═══ EXERCISE MATERIALS

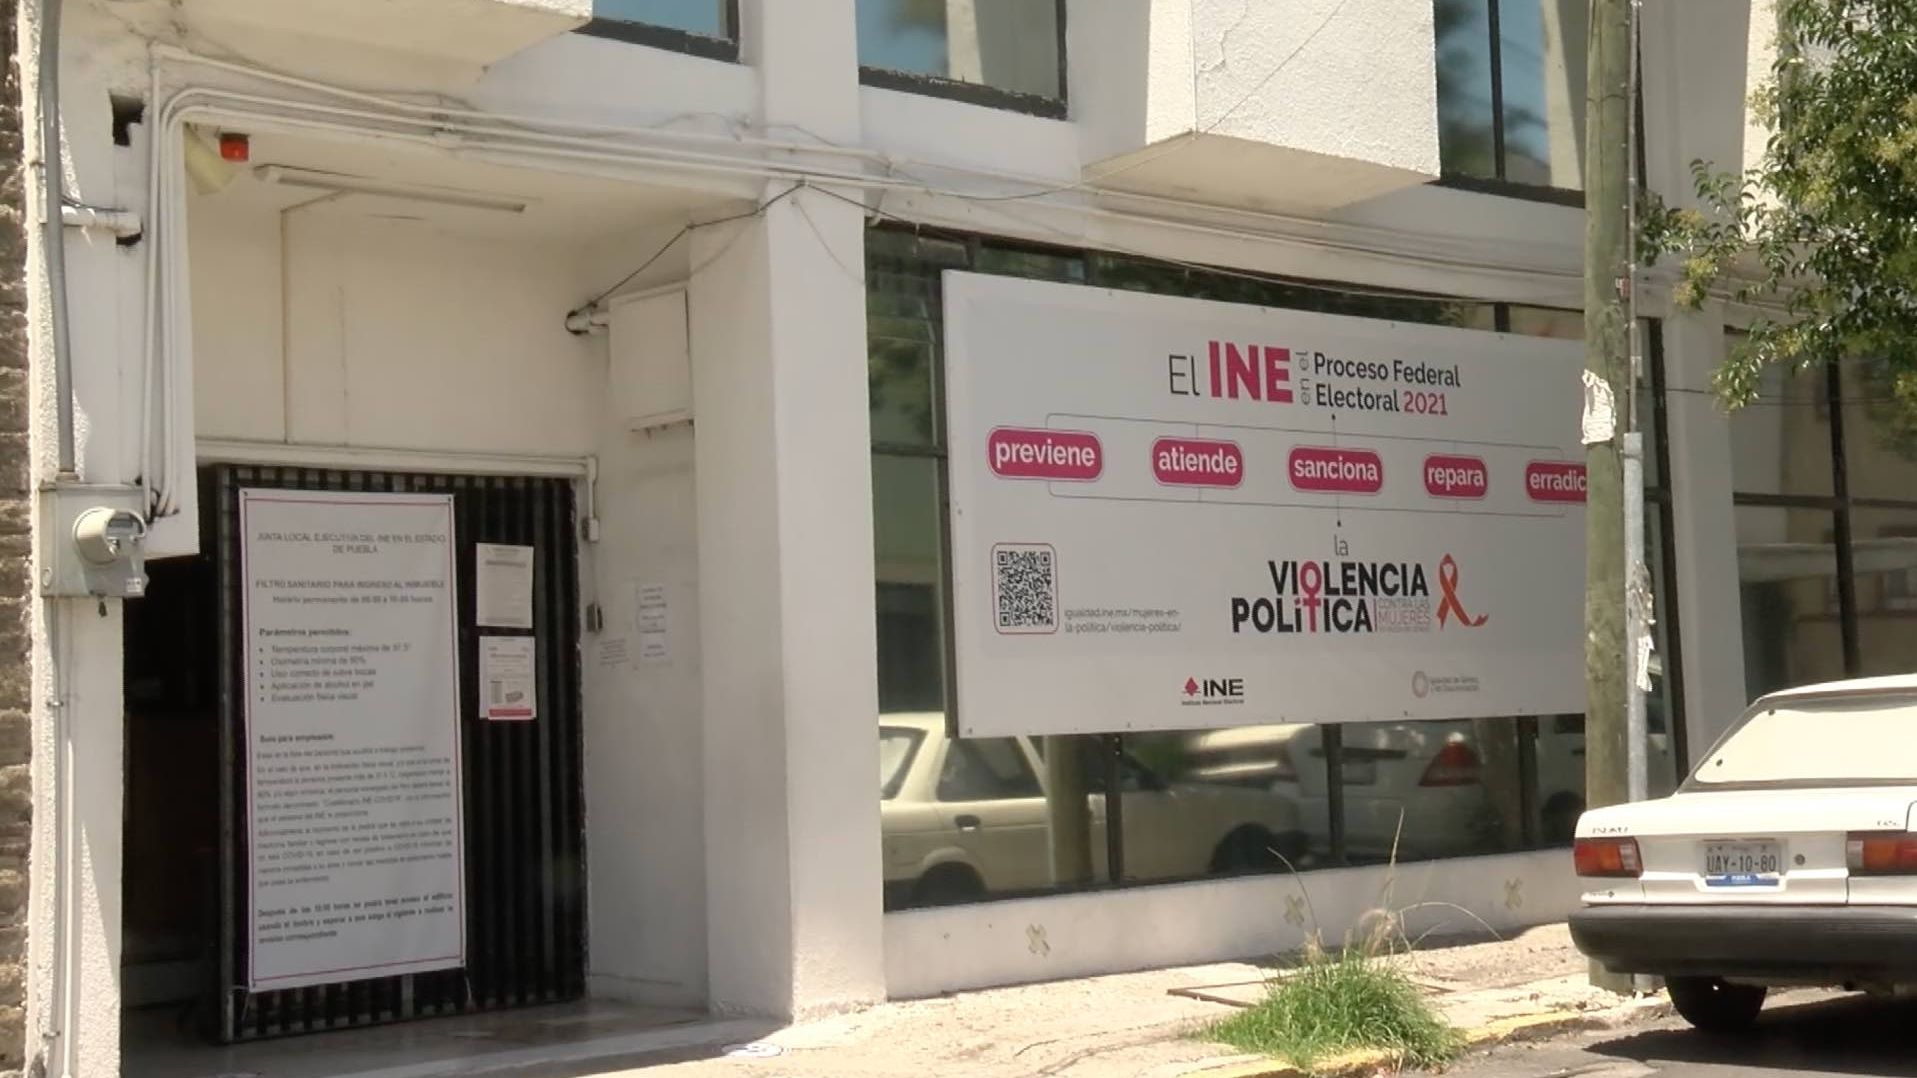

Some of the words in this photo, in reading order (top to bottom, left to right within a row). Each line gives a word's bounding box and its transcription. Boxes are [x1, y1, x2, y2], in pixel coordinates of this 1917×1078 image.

[1168, 354, 1200, 396] El
[1208, 340, 1293, 404] INE
[1313, 351, 1389, 382] Proceso
[1393, 359, 1461, 388] Federal
[1315, 383, 1400, 412] Electoral
[1403, 390, 1449, 416] 2021
[994, 438, 1096, 469] previene
[1157, 446, 1238, 474] atiende
[1293, 455, 1379, 482] sanciona
[1426, 466, 1485, 491] repara
[1529, 470, 1587, 492] erradic
[1334, 534, 1350, 557] la
[1267, 560, 1430, 598] VIOLENCIA
[1202, 678, 1244, 697] INE
[1706, 854, 1777, 873] UAY-10-80

══════

WHAT YOU HAVE TO DO: Every line above should be duplicated exactly; the pictures are to be left out.

FINISHED TASK:
Some of the words in this photo, in reading order (top to bottom, left to right within a row). Each line gives a word's bounding box and its transcription. Boxes are [x1, y1, x2, y2], in pixel coordinates of this 1917×1078 image.

[1168, 354, 1200, 396] El
[1208, 340, 1293, 404] INE
[1313, 351, 1389, 382] Proceso
[1393, 359, 1461, 388] Federal
[1315, 383, 1400, 412] Electoral
[1403, 390, 1449, 416] 2021
[994, 438, 1096, 469] previene
[1157, 446, 1238, 474] atiende
[1293, 455, 1379, 482] sanciona
[1426, 466, 1485, 491] repara
[1529, 470, 1587, 492] erradic
[1334, 534, 1350, 557] la
[1267, 560, 1430, 598] VIOLENCIA
[1202, 678, 1244, 697] INE
[1706, 854, 1777, 873] UAY-10-80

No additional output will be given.